Instructions to follow:
Write the listing below out again in full, dropping its pictures.

Supplied records:
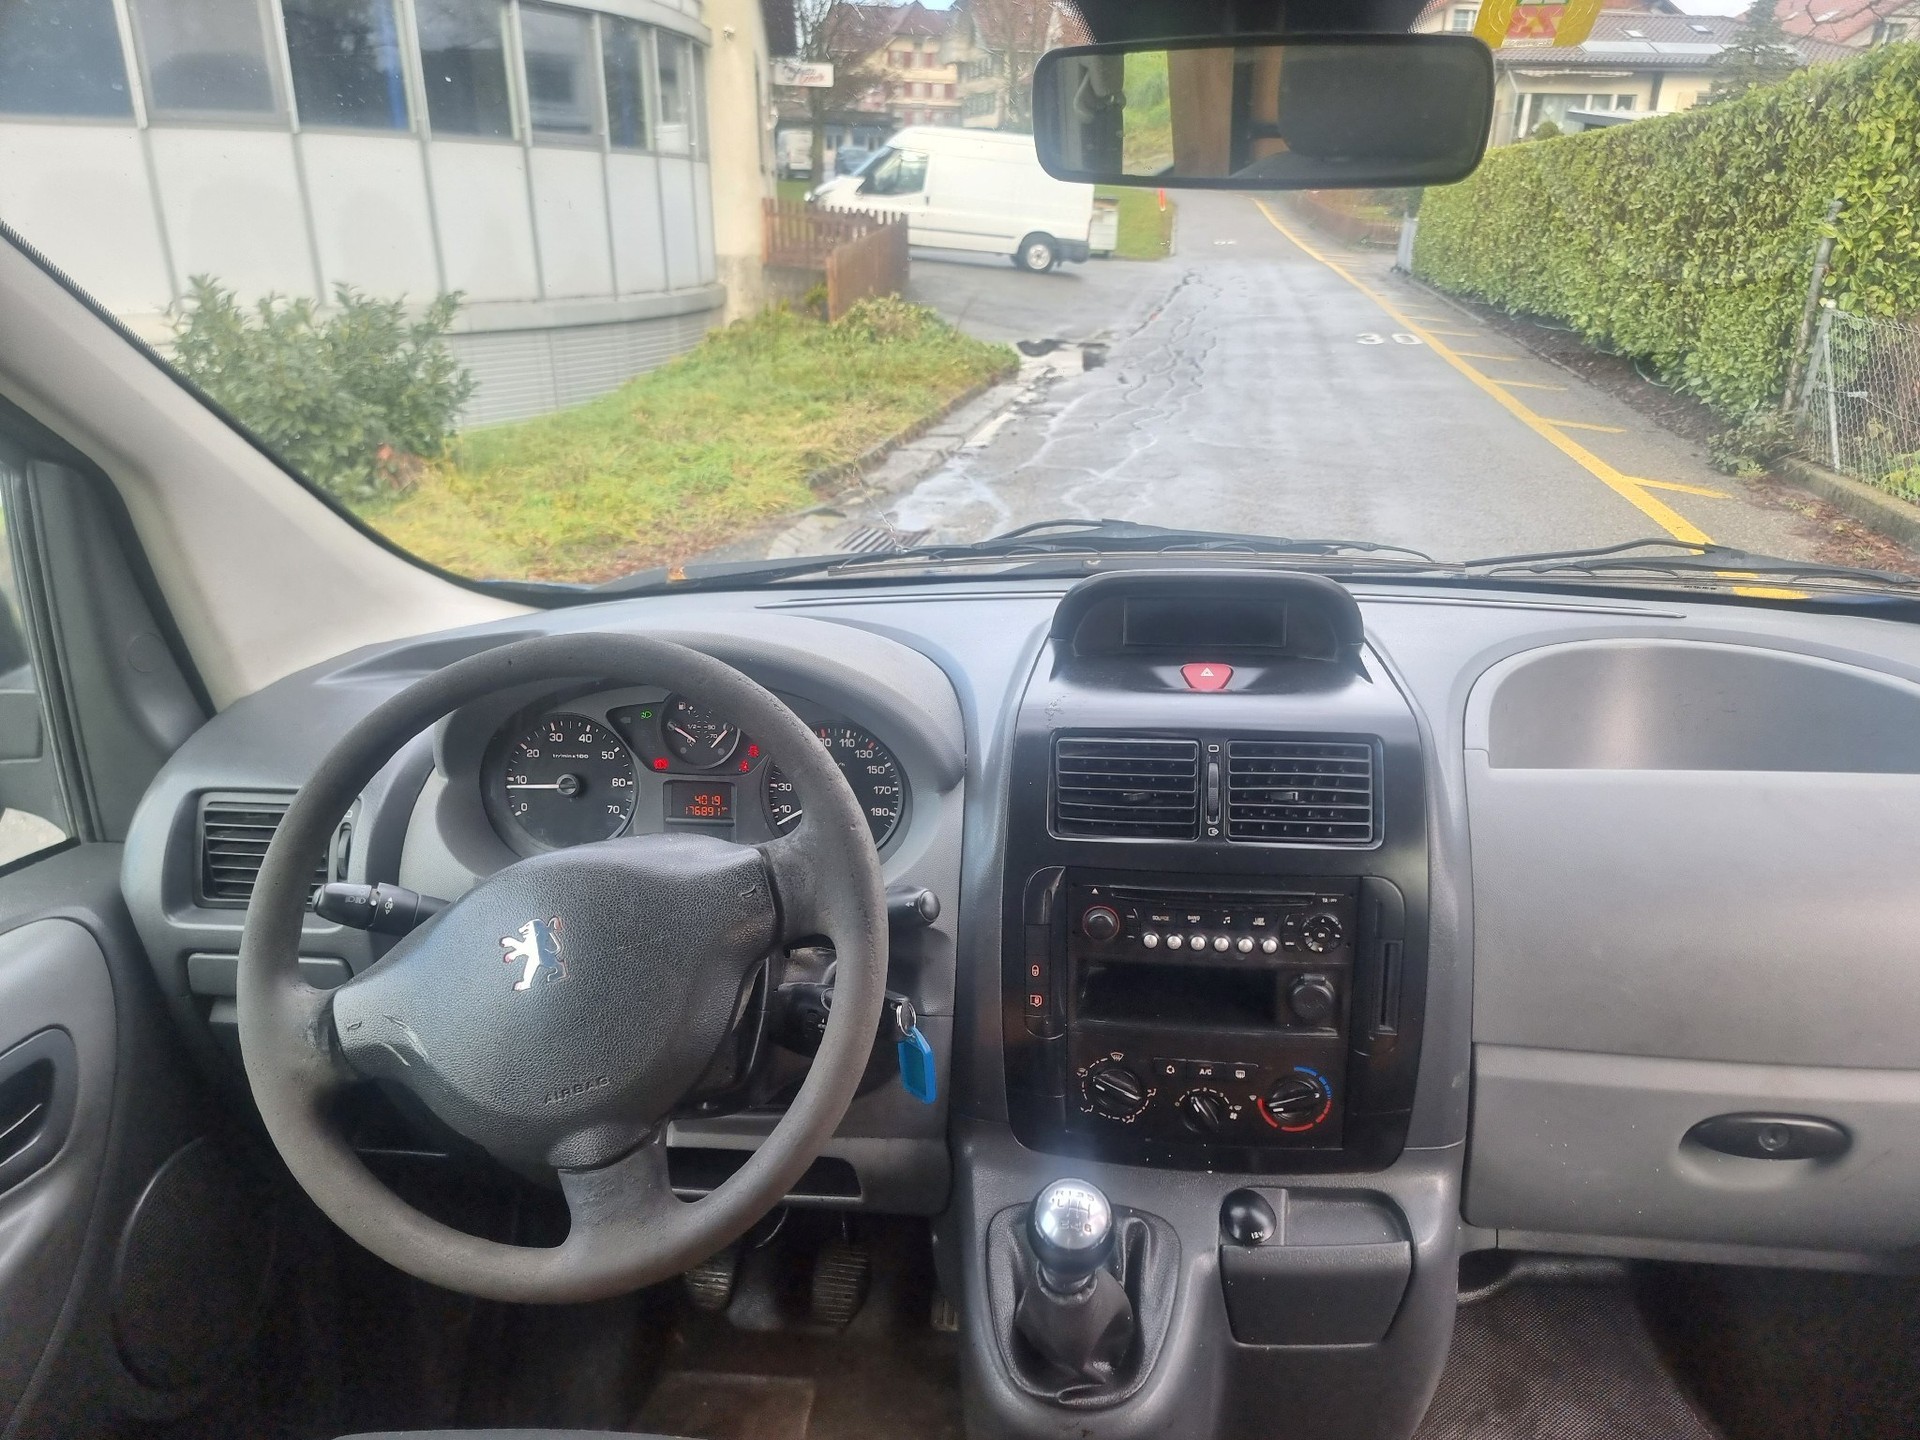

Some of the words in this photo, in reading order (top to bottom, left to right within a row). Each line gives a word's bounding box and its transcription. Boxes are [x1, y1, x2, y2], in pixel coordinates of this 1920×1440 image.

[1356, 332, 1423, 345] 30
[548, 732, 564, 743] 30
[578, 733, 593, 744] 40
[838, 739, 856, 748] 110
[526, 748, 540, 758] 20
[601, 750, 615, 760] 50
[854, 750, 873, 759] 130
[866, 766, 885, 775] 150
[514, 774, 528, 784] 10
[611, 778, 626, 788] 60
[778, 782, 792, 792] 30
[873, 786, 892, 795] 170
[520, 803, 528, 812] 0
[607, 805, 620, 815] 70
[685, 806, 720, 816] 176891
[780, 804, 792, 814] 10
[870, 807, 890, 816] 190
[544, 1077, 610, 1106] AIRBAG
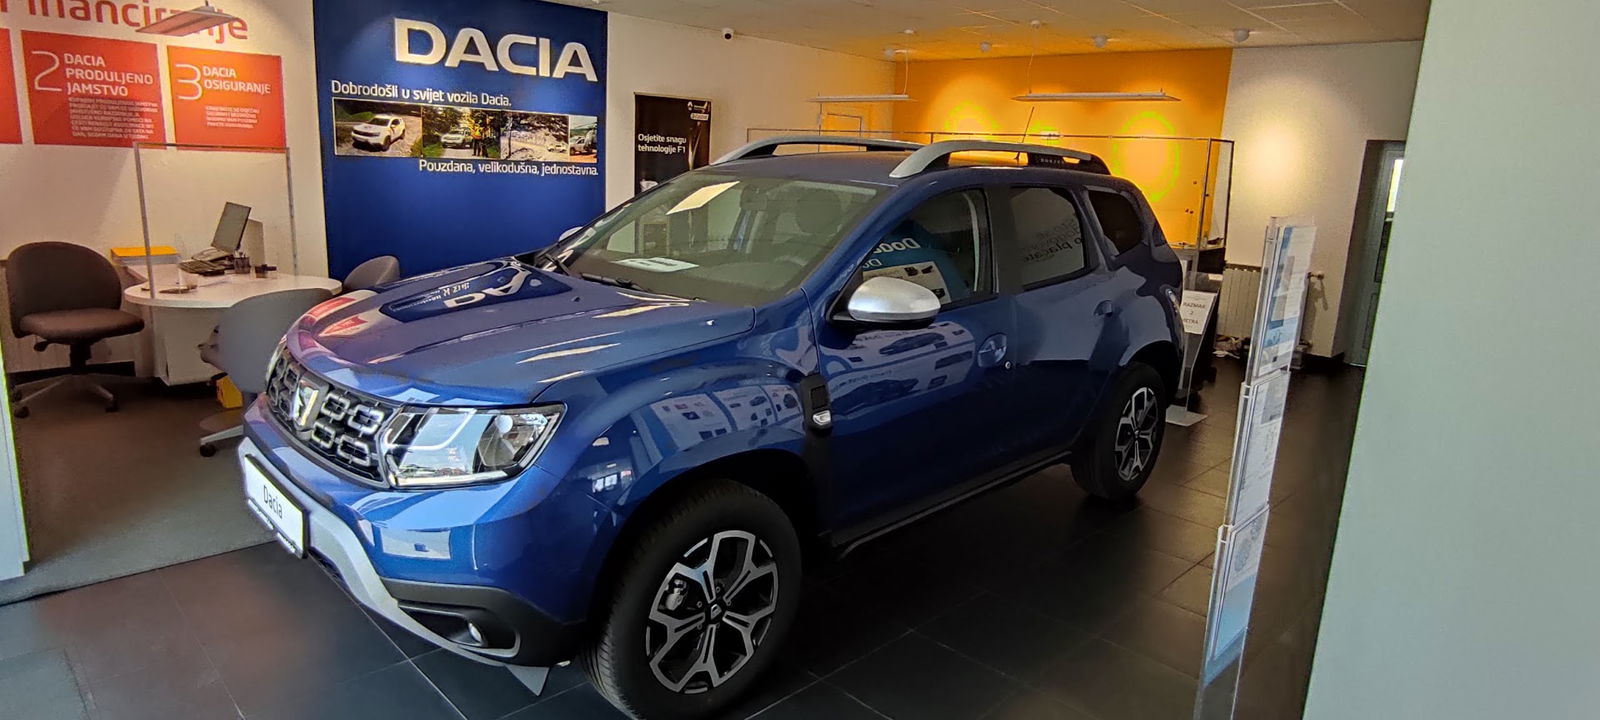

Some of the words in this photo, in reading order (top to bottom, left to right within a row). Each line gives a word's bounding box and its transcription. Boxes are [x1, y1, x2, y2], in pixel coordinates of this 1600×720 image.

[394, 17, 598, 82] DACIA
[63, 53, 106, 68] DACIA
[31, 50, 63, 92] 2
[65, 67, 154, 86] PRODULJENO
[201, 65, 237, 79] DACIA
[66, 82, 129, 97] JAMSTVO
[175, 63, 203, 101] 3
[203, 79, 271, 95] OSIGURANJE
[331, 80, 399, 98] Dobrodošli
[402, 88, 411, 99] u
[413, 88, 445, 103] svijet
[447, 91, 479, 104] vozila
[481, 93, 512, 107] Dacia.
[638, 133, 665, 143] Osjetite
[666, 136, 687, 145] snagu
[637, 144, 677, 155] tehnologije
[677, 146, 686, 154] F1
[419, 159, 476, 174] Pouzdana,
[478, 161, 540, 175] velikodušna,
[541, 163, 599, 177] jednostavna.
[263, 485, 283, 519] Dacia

Completed exercise:
Some of the words in this photo, in reading order (top to bottom, left to right within a row). Each line gives a word's bounding box and its transcription. Boxes are [x1, y1, x2, y2], in pixel coordinates of this 1920×1440 image.

[1356, 332, 1423, 345] 30
[548, 732, 564, 743] 30
[578, 733, 593, 744] 40
[838, 739, 856, 748] 110
[526, 748, 540, 758] 20
[601, 750, 615, 760] 50
[854, 750, 873, 759] 130
[866, 766, 885, 775] 150
[514, 774, 528, 784] 10
[611, 778, 626, 788] 60
[778, 782, 792, 792] 30
[873, 786, 892, 795] 170
[520, 803, 528, 812] 0
[607, 805, 620, 815] 70
[685, 806, 720, 816] 176891
[780, 804, 792, 814] 10
[870, 807, 890, 816] 190
[544, 1077, 610, 1106] AIRBAG

Some of the words in this photo, in reading order (top to bottom, left to right within a row). Each line gives a word's bounding box and its transcription. Boxes are [x1, y1, x2, y2], in pixel coordinates of this 1600×720 image.

[394, 17, 598, 82] DACIA
[63, 53, 106, 68] DACIA
[31, 50, 63, 92] 2
[65, 67, 154, 86] PRODULJENO
[201, 65, 237, 79] DACIA
[66, 82, 129, 97] JAMSTVO
[175, 63, 203, 101] 3
[203, 79, 271, 95] OSIGURANJE
[331, 80, 399, 98] Dobrodošli
[402, 88, 411, 99] u
[413, 88, 445, 103] svijet
[447, 91, 479, 104] vozila
[481, 93, 512, 107] Dacia.
[638, 133, 665, 143] Osjetite
[666, 136, 687, 145] snagu
[637, 144, 677, 155] tehnologije
[677, 146, 686, 154] F1
[419, 159, 476, 174] Pouzdana,
[478, 161, 540, 175] velikodušna,
[541, 163, 599, 177] jednostavna.
[263, 485, 283, 519] Dacia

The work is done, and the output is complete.